Work instructions → Below are records; work out how many of their lines hold the string "PREMIO" and give that number alone.

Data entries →
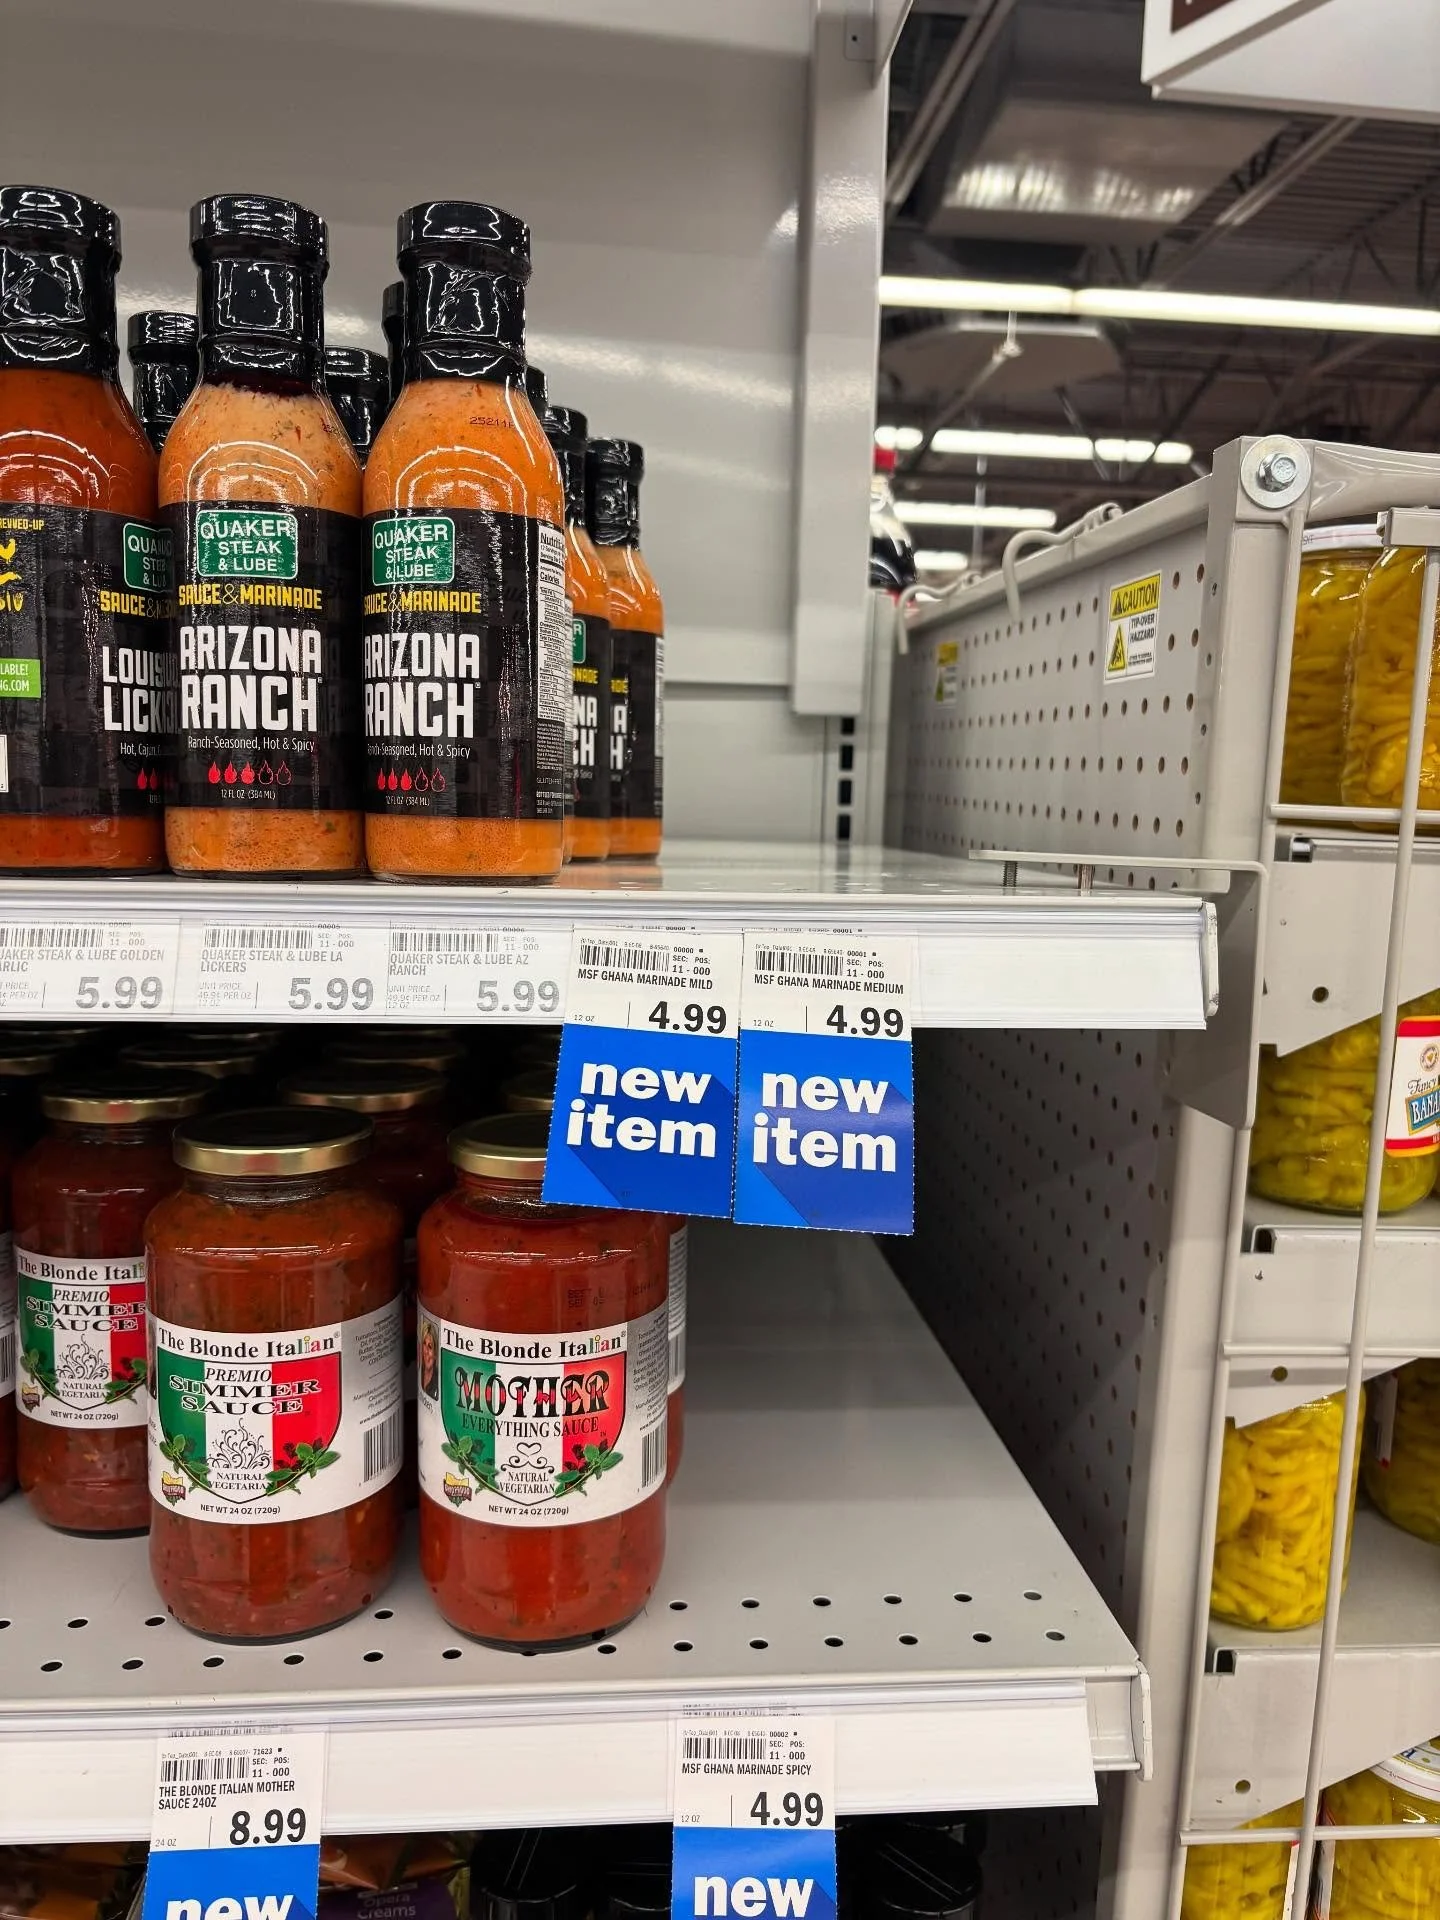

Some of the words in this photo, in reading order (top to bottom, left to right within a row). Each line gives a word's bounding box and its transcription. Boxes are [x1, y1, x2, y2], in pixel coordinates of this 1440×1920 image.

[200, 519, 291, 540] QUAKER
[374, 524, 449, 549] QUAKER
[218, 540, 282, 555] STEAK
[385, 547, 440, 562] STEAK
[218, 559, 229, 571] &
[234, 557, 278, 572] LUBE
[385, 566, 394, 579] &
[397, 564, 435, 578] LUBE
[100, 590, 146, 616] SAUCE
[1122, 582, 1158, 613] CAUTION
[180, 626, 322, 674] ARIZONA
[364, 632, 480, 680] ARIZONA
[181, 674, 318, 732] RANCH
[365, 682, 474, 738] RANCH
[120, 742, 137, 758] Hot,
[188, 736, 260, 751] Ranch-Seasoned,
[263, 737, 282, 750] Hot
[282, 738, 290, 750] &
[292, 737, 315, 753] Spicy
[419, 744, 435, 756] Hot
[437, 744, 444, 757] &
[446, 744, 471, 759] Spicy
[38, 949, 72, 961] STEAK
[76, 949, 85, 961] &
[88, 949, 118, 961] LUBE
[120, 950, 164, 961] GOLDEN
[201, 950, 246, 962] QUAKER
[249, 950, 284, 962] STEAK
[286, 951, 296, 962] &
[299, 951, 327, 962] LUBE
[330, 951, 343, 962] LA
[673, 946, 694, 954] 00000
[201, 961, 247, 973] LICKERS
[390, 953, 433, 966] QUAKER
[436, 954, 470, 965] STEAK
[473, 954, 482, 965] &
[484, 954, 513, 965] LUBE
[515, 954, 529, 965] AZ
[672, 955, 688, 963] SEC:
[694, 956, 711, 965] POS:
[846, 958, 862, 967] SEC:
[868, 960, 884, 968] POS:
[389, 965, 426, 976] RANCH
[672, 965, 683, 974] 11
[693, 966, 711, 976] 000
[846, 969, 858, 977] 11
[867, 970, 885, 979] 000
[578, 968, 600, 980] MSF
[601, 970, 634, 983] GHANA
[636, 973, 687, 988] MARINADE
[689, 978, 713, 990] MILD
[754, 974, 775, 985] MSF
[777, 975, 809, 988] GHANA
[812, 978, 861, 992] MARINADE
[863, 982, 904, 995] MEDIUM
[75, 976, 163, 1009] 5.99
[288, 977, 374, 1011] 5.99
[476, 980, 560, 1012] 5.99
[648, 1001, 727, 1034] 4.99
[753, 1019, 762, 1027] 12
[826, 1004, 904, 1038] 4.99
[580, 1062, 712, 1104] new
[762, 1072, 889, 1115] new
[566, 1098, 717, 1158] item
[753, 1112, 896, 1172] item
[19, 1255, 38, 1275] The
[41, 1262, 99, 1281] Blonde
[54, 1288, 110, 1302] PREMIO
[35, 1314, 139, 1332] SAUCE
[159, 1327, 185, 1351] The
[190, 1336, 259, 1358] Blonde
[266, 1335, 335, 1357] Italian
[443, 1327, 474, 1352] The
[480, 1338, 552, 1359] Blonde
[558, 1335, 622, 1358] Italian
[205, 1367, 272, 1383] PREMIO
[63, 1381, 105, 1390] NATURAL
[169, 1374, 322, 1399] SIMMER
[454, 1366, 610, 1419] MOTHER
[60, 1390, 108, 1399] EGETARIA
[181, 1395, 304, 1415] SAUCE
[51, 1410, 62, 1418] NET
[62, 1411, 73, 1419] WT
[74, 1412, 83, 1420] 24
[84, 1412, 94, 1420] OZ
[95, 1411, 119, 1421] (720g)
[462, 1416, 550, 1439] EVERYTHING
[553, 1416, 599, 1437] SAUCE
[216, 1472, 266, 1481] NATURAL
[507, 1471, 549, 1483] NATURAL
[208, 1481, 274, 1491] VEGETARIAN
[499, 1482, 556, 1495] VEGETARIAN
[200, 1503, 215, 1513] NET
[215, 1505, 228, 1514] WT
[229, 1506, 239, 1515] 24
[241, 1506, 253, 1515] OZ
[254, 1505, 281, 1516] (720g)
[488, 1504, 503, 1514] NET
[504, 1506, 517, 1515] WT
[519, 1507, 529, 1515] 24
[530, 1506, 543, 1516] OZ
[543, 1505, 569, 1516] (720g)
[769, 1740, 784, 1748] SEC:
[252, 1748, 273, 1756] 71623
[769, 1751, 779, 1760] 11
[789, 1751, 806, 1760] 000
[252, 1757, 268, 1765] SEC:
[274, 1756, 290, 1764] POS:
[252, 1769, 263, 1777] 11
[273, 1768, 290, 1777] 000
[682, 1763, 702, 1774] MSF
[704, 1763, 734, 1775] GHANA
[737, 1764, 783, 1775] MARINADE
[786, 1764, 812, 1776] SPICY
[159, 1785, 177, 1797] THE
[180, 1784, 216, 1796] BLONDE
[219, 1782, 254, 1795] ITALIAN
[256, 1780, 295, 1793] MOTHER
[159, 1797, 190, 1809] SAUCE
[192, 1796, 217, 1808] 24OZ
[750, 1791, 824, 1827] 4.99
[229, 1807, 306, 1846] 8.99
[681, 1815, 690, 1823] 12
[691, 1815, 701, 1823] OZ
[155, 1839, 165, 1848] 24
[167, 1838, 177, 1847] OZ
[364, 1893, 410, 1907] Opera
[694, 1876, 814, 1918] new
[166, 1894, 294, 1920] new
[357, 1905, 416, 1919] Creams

Result for this task → 2